BACE1 knock-outs display deficits in activity-dependent potentiation of synaptic transmission at mossy fiber to CA3 synapses in the hippocampus

β-Amyloid precursor protein cleavage enzyme 1 (BACE1) has been identified as a major neuronal β-secretase critical for the formation of β-amyloid (Aβ) peptide, which is thought responsible for the pathology of Alzheimer's disease (AD). Therefore, BACE1 is one of the key therapeutic targets that can prevent the progression of AD. Previous studies showed that knocking out the BACE1 gene prevents Aβ formation, but results in behavioral deficits and specific synaptic dysfunctions at Schaffer collateral to CA1 synapses. However, BACE1 protein is most highly expressed at the mossy fiber projections in CA3. Here, we report that BACE1 knock-out mice display reduced presynaptic function, as measured by an increase in paired-pulse facilitation ratio.
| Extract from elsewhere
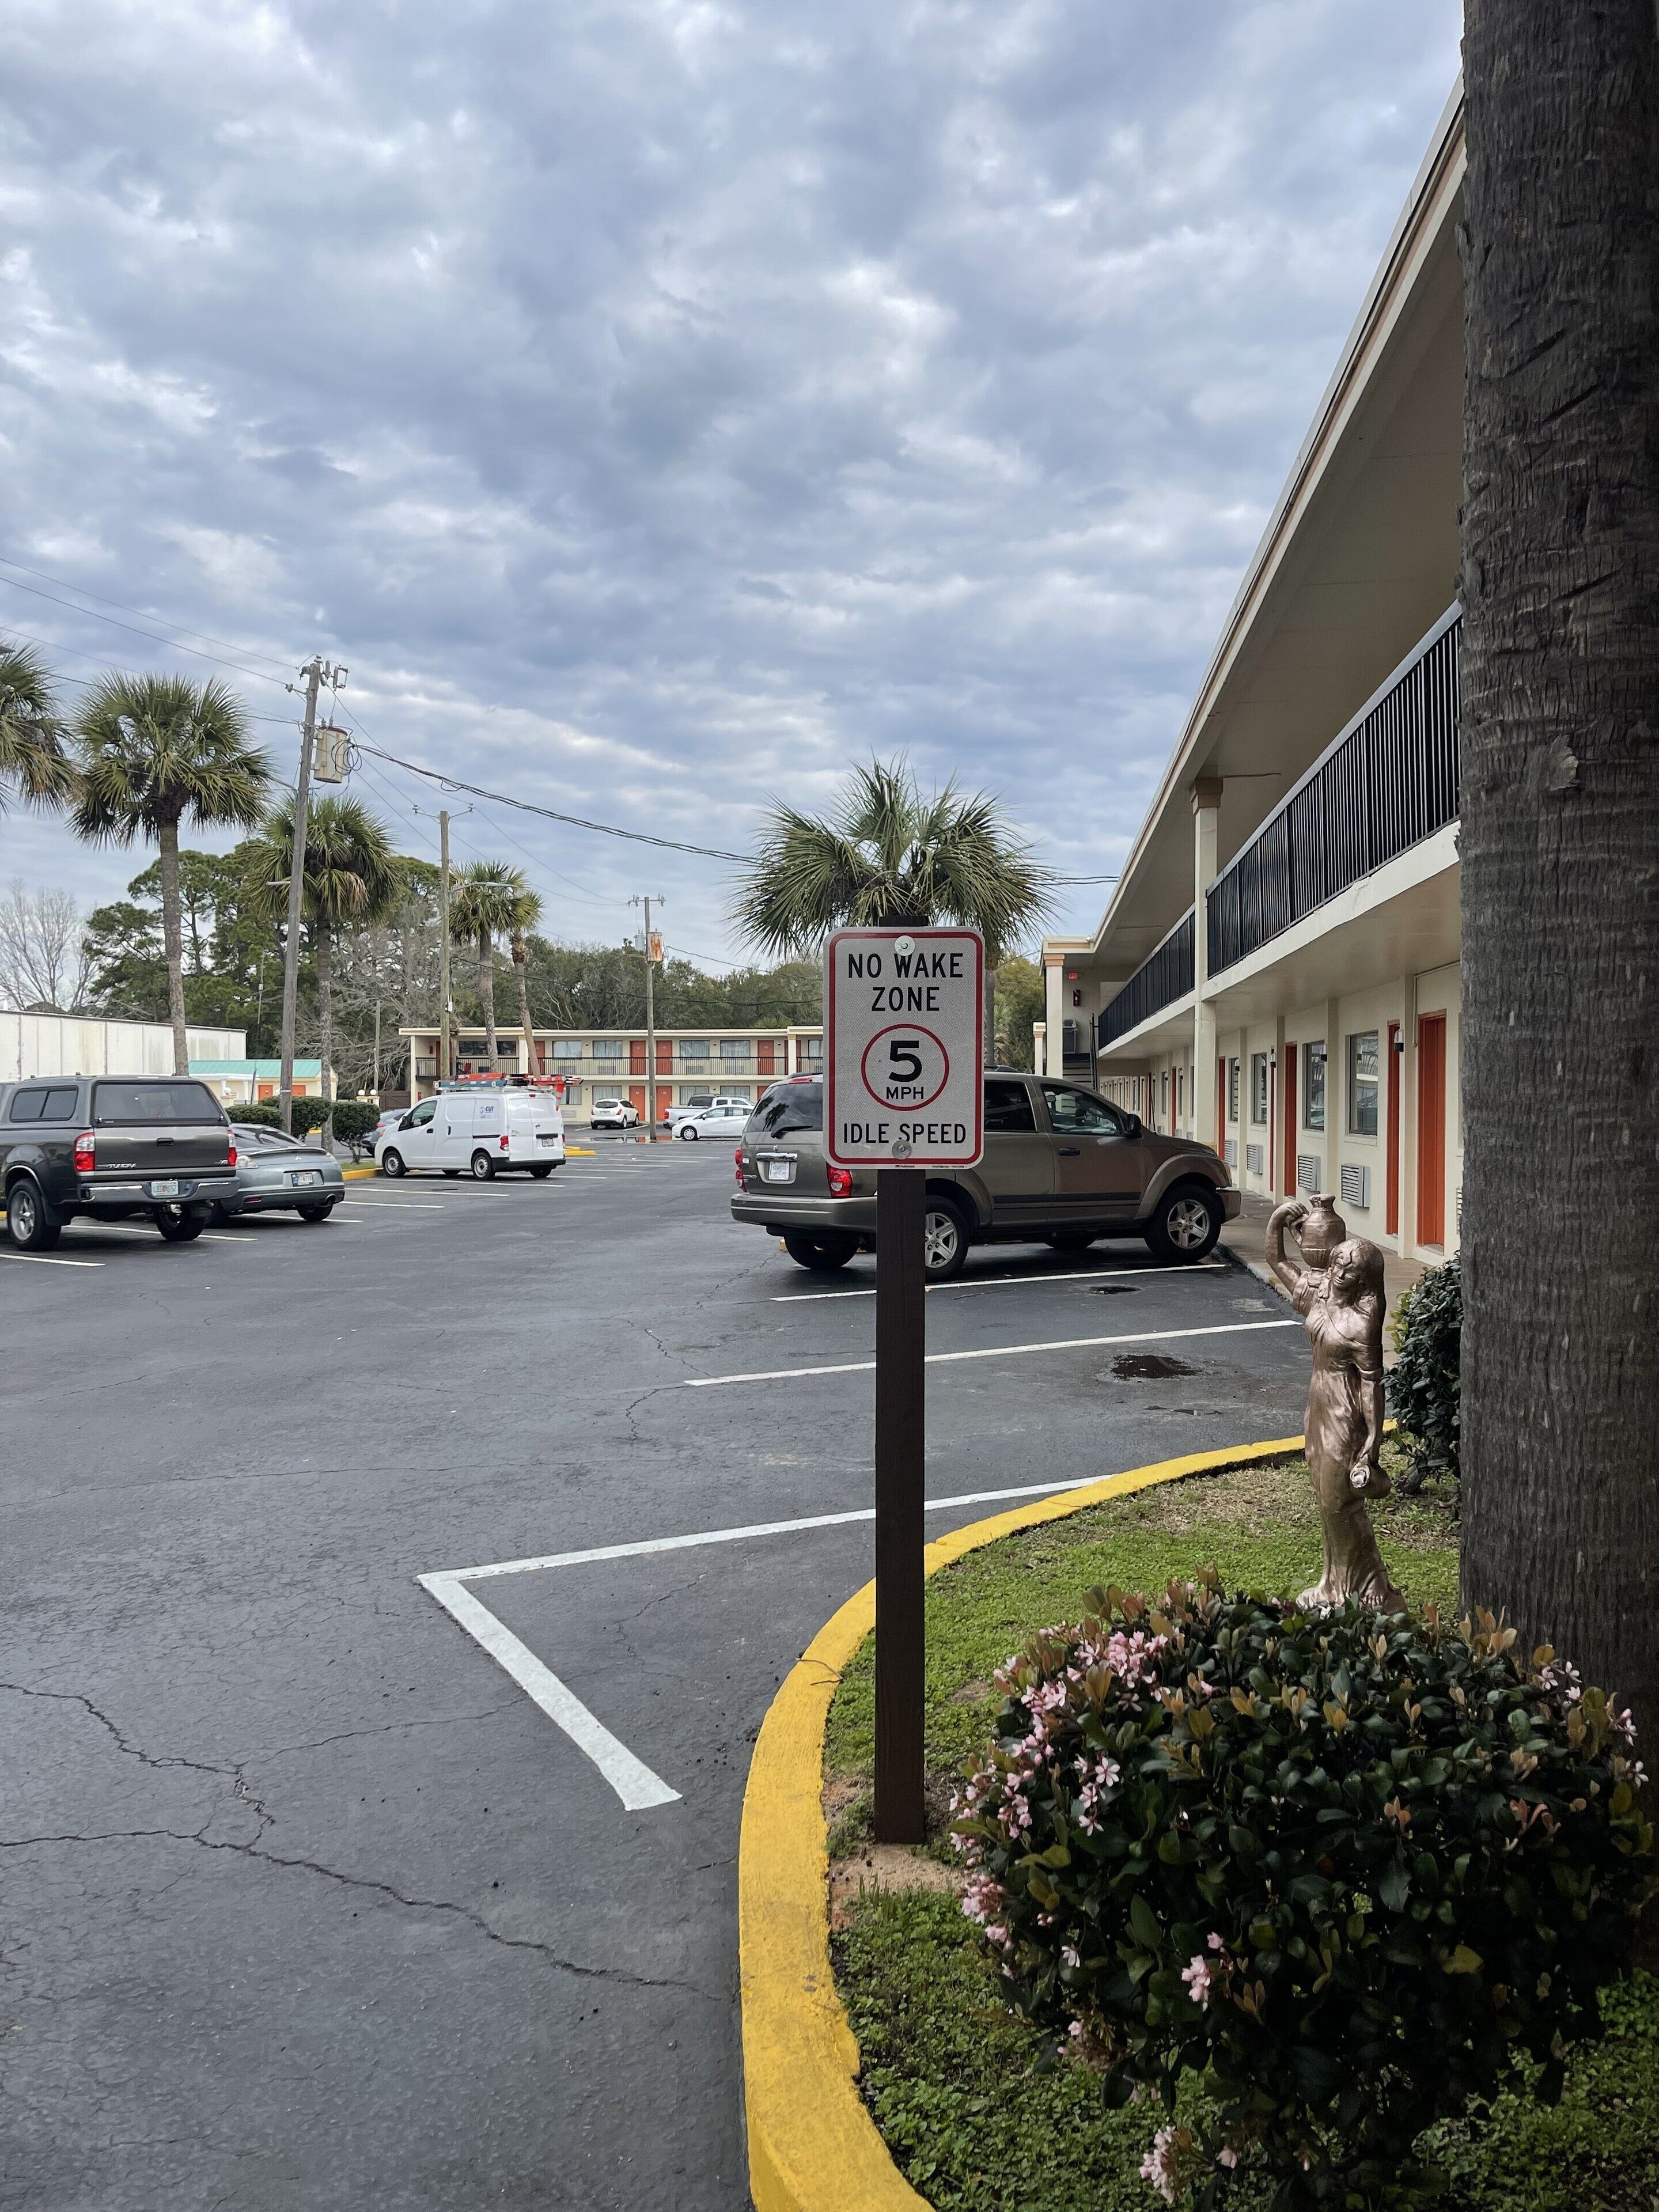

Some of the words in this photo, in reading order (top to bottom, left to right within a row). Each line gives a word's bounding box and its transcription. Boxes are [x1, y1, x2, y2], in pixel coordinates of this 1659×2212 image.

More dramatically, mossy fiber long-term potentiation (LTP), which is normally expressed via an increase in presynaptic release, was eliminated in the knock-outs. Although long-term depression was slightly larger in the BACE1 knock-outs, it could not be reversed. The specific deficit in mossy fiber LTP was upstream of cAMP signaling and could be "rescued" by transiently elevating extracellular Ca²⁺ concentration. These results suggest that BACE1 may play a critical role in regulating presynaptic function, especially activity-dependent strengthening of presynaptic release, at mossy fiber synapses.